April 8, 2020 at 8:49 pm (Book review, books, Historical fiction, Mystery fiction, Poetry)

I’ve read that at the moment, some people are having trouble concentrating on the printed word. Perfectly understandable. Speaking only for myself,  books, magazines, and newspapers have been Heaven sent. As long as I’ve got something immersive to read, I figure I’ll get through this.

I admit that when the library closed, I had a moment of panic. I rely on that worthy institution to provide me with hardbacks and paperbacks. But needs must, as they say. So I’ve been downloading books like crazy.

Kwei Quartey’s Darko Dawson novels are keeping me sane. With their exotic setting – one that is sometimes cruel rather than exotic – they’re providing a great escape. And Darko himself is a wonderful character, quick to anger yet always compassionate, and with a very engaging family life to boot. I’m currently reading the third title in the series, Murder at Cape Three Points. There are two more in the series.

Kwei Quartey has already begun a new series with The Missing American. I really enjoyed  that book but please, Mr. Quartey, do not abandon Darko!

NPR had an interesting feature on Kwei Quartey several years ago.

I’m almost half way  through The Mirror & the Light. It’s very good, Possibly I’m not quite as  entranced with it as I was with Wolf Hall and Bring Up the Bodies, but  it’s the fault of the current health crisis, I think.

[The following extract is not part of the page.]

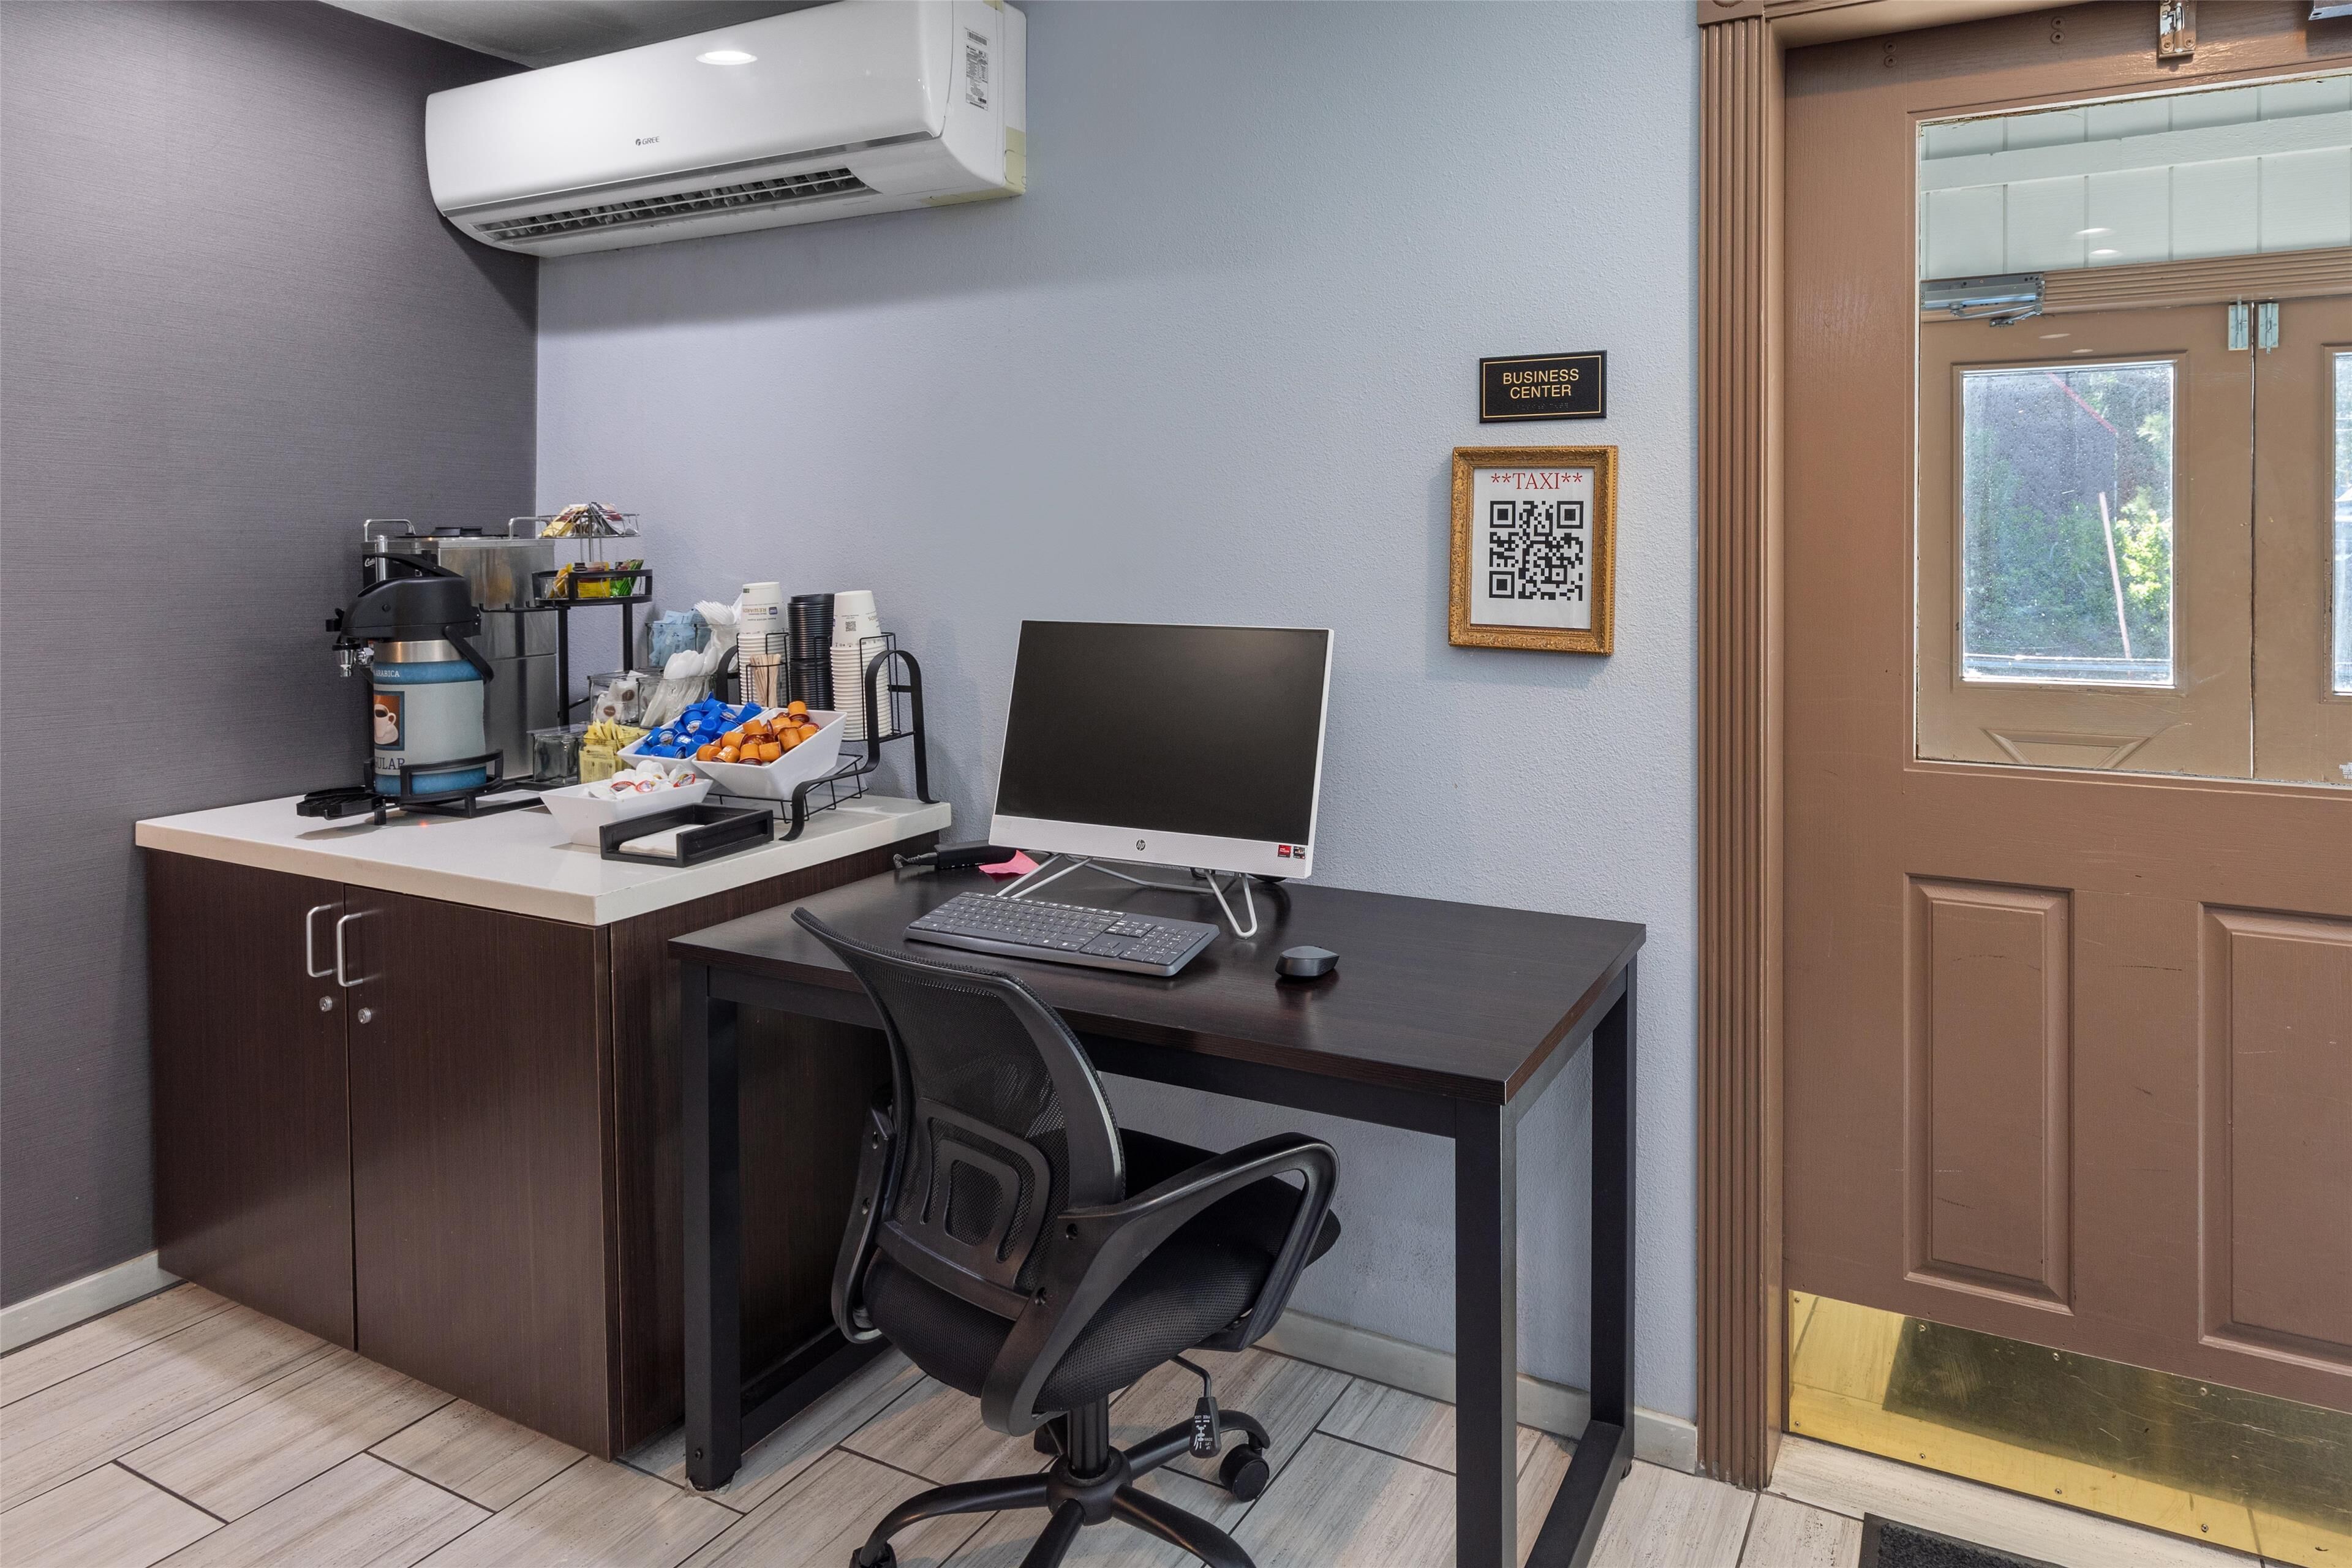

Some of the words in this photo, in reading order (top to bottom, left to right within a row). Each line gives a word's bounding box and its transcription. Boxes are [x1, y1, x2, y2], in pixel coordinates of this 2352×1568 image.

Certainly Hilary Mantel is a wonderful writer with an uncanny ability to bring the past to life.

These Fevered Days, on the other hand, was the perfect for this troubles time. It is subtitled, Ten Pivotal Moments in the Making of Emily Dickinson, and brings the poet near to the reader in a way that is almost uncanny. For the first time, I feel as though I really know Emily Dickinson – know what moved her, why she made certain decisions, why she lived her life the way she did, and finally, and most vitally, how she came to her write her brilliant verse.

Thank you, Martha Ackmann! More on this very special book at a later time.

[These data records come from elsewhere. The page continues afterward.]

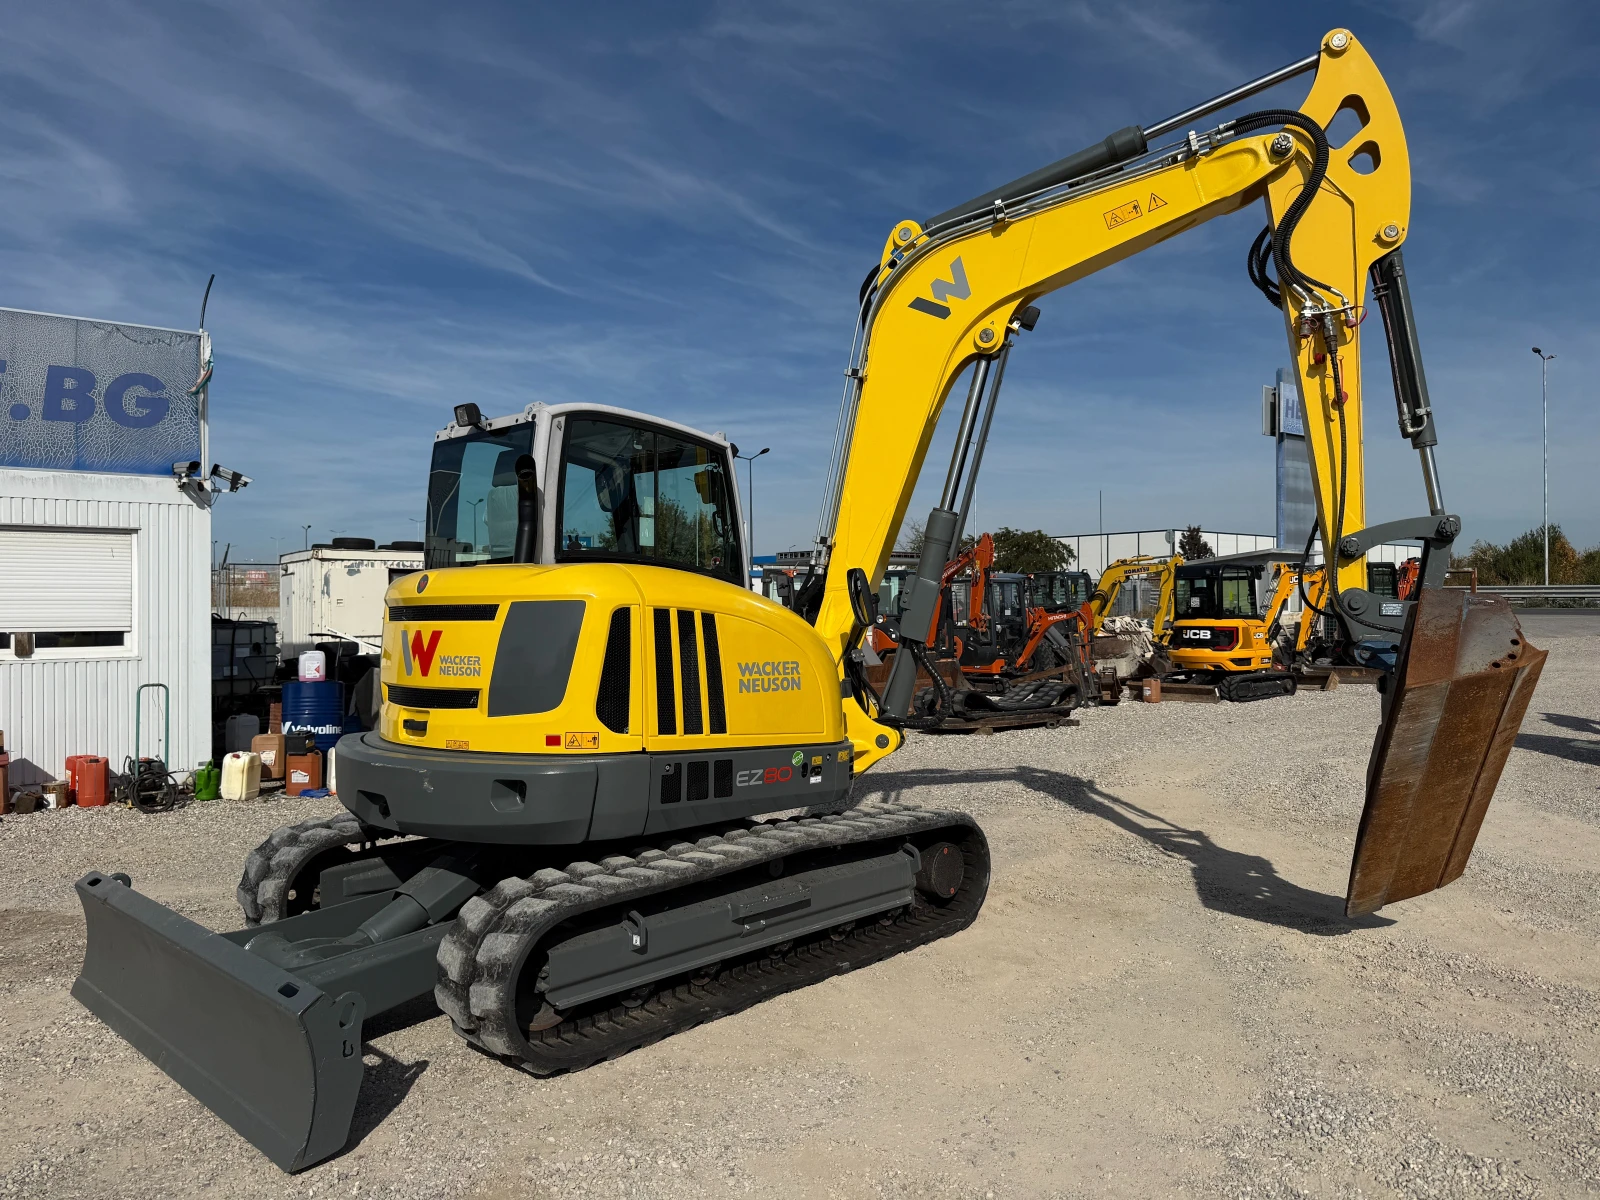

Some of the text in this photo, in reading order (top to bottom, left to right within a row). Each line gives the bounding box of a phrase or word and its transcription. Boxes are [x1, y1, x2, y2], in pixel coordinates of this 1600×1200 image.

[0, 360, 170, 429] .BG
[1123, 566, 1150, 575] KOMATSU
[1289, 576, 1299, 584] JC
[1182, 629, 1212, 640] JCB
[439, 655, 481, 667] WACKER
[439, 666, 481, 677] NEUSON
[737, 660, 801, 677] WACKER
[738, 676, 801, 694] NEUSON
[736, 766, 793, 787] EZ80

Here are two poems by Dickinson that have long haunted me:

Success is counted sweetest
By those who ne’er succeed.
To comprehend a nectar
Requires sorest need.
Not one of all the Purple Host
Who took the Flag today
Can tell the definition
So clear of Victory
As he defeated – dying –
On whose forbidden ear
The distant strains of triumph
Burst agonized and clear.

After great pain a formal feeling comes–
The nerves sit ceremonious like tombs;
The stiff Heart questions–was it He that bore?
And yesterday–or centuries before?

The feet, mechanical, go round
A wooden way
Of ground, or air, or ought,
Regardless grown,
A quartz contentment, like a stone.

This is the hour of lead
Remembered if outlived,
As freezing persons recollect the snow–
First chill, then stupor, then the letting go.

(Emily Dickinson did not give her poems titles. They are usually referred to by their first lines.)